隱式PRM:一個強化學習框架,消除了對明確逐步註釋的需求

2025/02/08 11:49

一群來自Tsinghua大學的研究人員,上海AI實驗室,伊利諾伊大學Urbana-Champaign大學,北京大學,上海Jiaotong University和Cuhk提出了一個加強學習框架。

隱式PRM:一個強化學習框架,消除了對明確逐步註釋的需求

Reinforcement learning (RL) for large language models (LLMs) has traditionally relied on outcome-based rewards, which provide feedback only on the final output. This sparsity of reward makes it challenging to train models that need multi-step reasoning, like those employed in mathematical problem-solving and programming. Additionally, credit assignment becomes ambiguous, as the model does not get fine-grained feedback for intermediate steps.

傳統上,大型語言模型(LLMS)的加強學習(RL)依賴於基於結果的獎勵,這僅提供最終輸出的反饋。這種獎勵的稀疏性使得訓練需要多步推理的模型,就像數學解決問題和編程中的模型一樣。此外,信用分配變得模棱兩可,因為該模型沒有獲得中級步驟的細粒度反饋。

Process reward models (PRMs) try to address this by offering dense step-wise rewards, but they need costly human-annotated process labels, making them infeasible for large-scale RL. In addition, static reward functions are plagued by overoptimization and reward hacking, where the model takes advantage of the reward system in unforeseen ways, eventually compromising generalization performance. These limitations restrict RL’s efficiency, scalability, and applicability for LLMs, calling for a new solution that effectively combines dense rewards without high computational expense or human annotations.

工藝獎勵模型(PRM)試圖通過提供厚實的逐步獎勵來解決此問題,但它們需要昂貴的人類宣傳標籤,這使得它們對於大規模RL而言是不可行的。此外,靜態獎勵功能受到過度優化和獎勵黑客的困擾,在這種情況下,模型以無法預見的方式利用獎勵系統,最終損害了概括性能。這些限制限制了RL的LLM效率,可伸縮性和適用性,呼籲有效地結合密集獎勵而無需高度計算費用或人為註釋。

Most existing RL methods for LLMs employ outcome reward models (ORMs), which offer scores only for the final output. This results in low sample efficiency as models must generate and test whole sequences before getting feedback. Some methods employ value models that estimate future rewards from past actions to counter this. However, these models have high variance and do not handle reward sparsity properly. PRMs offer more fine-grained feedback but need costly manual annotations for intermediate steps and are prone to reward hacking because of static reward functions.

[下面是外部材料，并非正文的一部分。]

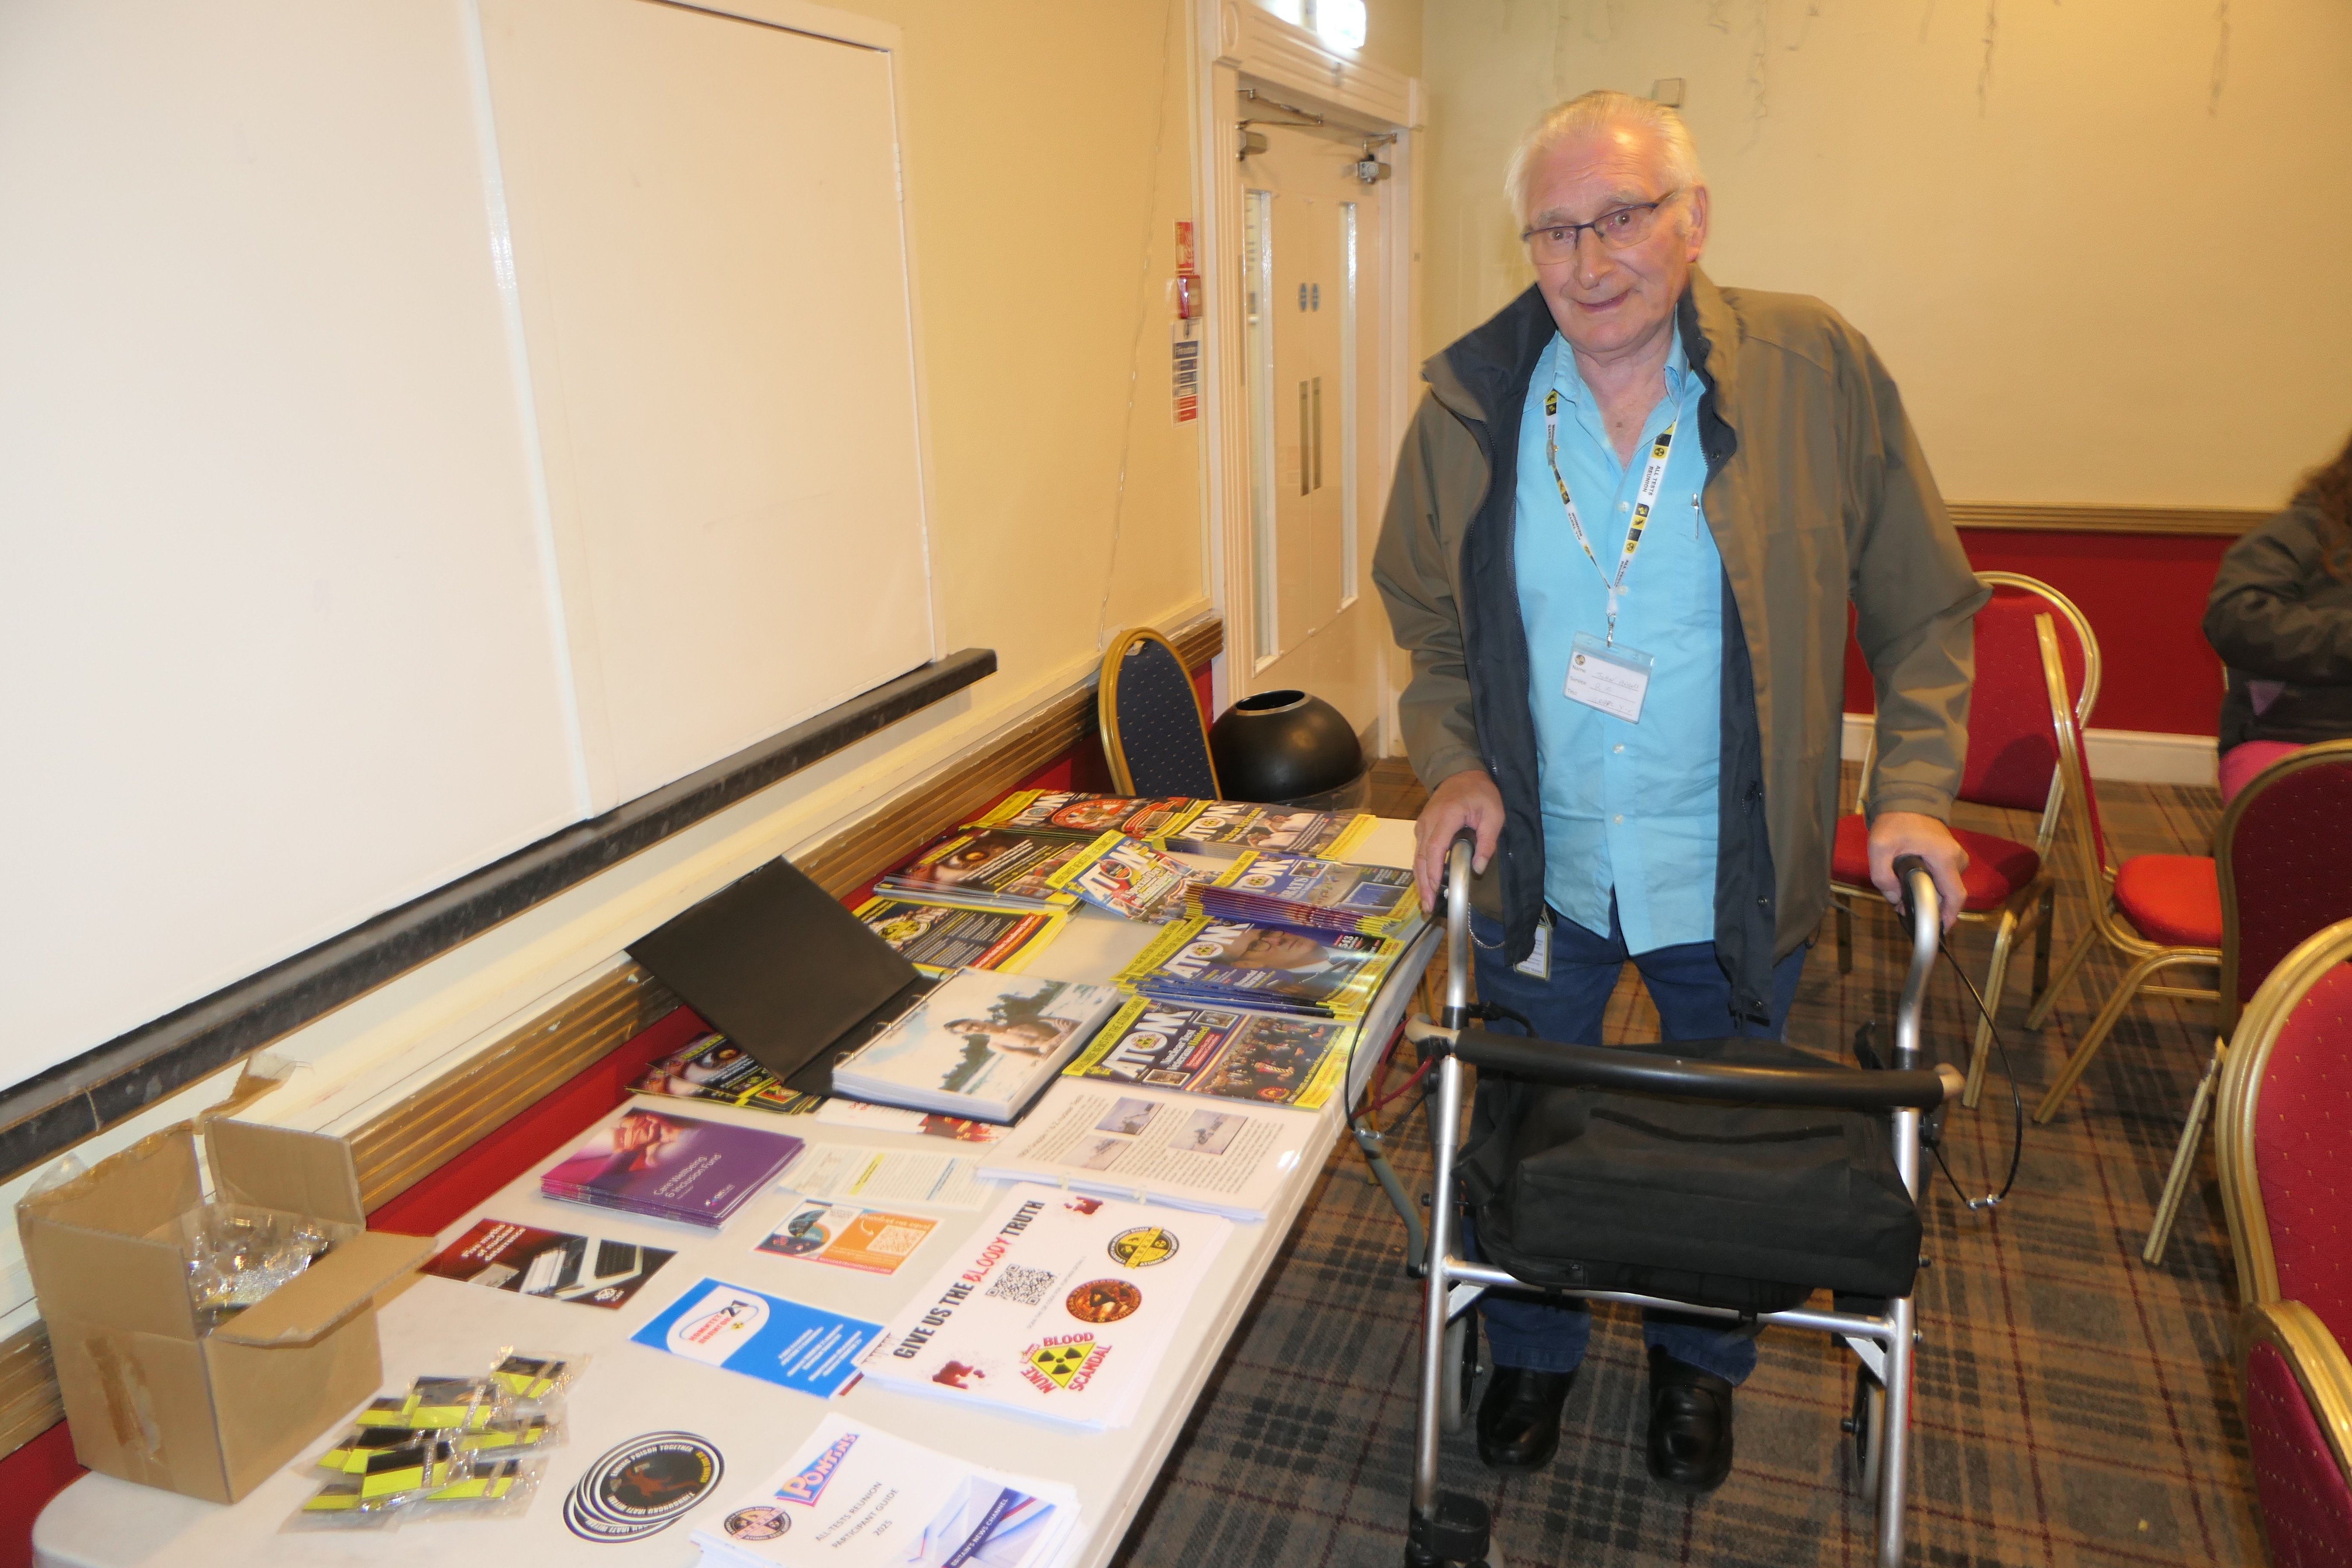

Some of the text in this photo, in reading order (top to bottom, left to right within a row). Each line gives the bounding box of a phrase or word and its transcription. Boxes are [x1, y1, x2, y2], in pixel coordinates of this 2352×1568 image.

[1642, 466, 1654, 492] REUNION
[1648, 479, 1657, 496] TESTS
[1572, 512, 1583, 536] REUNION
[1570, 676, 1586, 685] Service
[1178, 803, 1246, 841] ATOM
[1234, 807, 1263, 829] Veterans
[1127, 871, 1155, 897] Special
[1146, 865, 1165, 881] Day
[1232, 859, 1296, 891] TOM
[1285, 876, 1309, 899] BRATS
[1003, 926, 1026, 943] Academy
[1162, 923, 1251, 978] ATOM
[1335, 935, 1357, 948] 543
[1152, 950, 1171, 958] NEWS
[1071, 998, 1146, 1072] WORLDWIDE NEWS FOR THE ATOMIC FAMILY
[1102, 1007, 1194, 1080] ATOM
[1160, 1029, 1197, 1064] Nuclear Test
[1167, 1044, 1196, 1070] Veterans
[1185, 1026, 1212, 1046] United
[1317, 1057, 1340, 1081] Membership
[1054, 1106, 1076, 1122] nuclear
[1069, 1094, 1086, 1105] Tests
[650, 1182, 675, 1195] Care
[668, 1156, 710, 1182] Wellbeing
[671, 1168, 707, 1191] Inclusion
[700, 1155, 724, 1168] Fund
[460, 1224, 508, 1257] Five myths
[482, 1228, 529, 1261] deterrence
[484, 1226, 518, 1249] nuclear
[1129, 1228, 1159, 1265] LABRATS
[891, 1199, 1046, 1359] GIVE US THE BLOODY TRUTH
[1059, 1270, 1075, 1286] FURTHER
[718, 1299, 750, 1317] 21
[687, 1314, 723, 1341] КОМИТЕТ
[1020, 1332, 1113, 1393] NUKE BLOOD SCANDAL
[610, 1459, 631, 1477] ENDING
[631, 1447, 657, 1461] POISON
[816, 1482, 882, 1541] ALL-TESTS REUNION
[832, 1488, 898, 1547] PARTICIPANT GUIDE
[873, 1520, 893, 1536] 2025
[949, 1498, 1010, 1566] BRITAIN'S NEWS CHANNEL

Additionally, most existing methods need an extra training phase for the reward model, adding to the computational expense and making them infeasible for scalable online RL.

LLMS的大多數RL方法都採用結果獎勵模型(ORM),僅為最終輸出提供得分。這會導致樣本效率低,因為模型必須在獲得反饋之前生成和測試整個序列。某些方法採用價值模型來估算過去的行動的未來獎勵來對抗這一點。但是,這些模型具有很大的差異,並且無法正確處理獎勵稀疏性。 PRM提供了更多細粒度的反饋,但需要代價高昂的手動註釋中間步驟,並且由於靜態獎勵功能而容易獎勵黑客。此外,大多數現有方法需要一個額外的培訓階段來獎勵模型,從而增加了計算費用,並且使其無法進行可擴展的在線RL。

A group of researchers from Tsinghua University, Shanghai AI Lab, University of Illinois Urbana-Champaign, Peking University, Shanghai Jiaotong University, and CUHK has proposed a reinforcement learning framework that eliminates the need for explicit step-wise annotations using efficient utilization of dense feedback. The main contribution proposed is the introduction of an Implicit Process Reward Model (Implicit PRM), which produces token-level rewards independently of outcome labels, thus eliminating the need for human-annotated step-level guidance. The approach allows for continuous online improvement of the reward model, eliminating the problem of overoptimization without allowing dynamic policy rollout adjustments. The framework can successfully integrate implicit process rewards with outcome rewards during advantage estimation, offering computational efficiency and eliminating reward hacking. Unlike previous methods, which require a separate training phase for process rewards, the new approach initializes the PRM directly from the policy model itself, thus greatly eliminating developmental overhead. It is also made compatible with a range of RL algorithms, including REINFORCE, PPO, and GRPO, thus making it generalizable and scalable for training large language models (LLMs).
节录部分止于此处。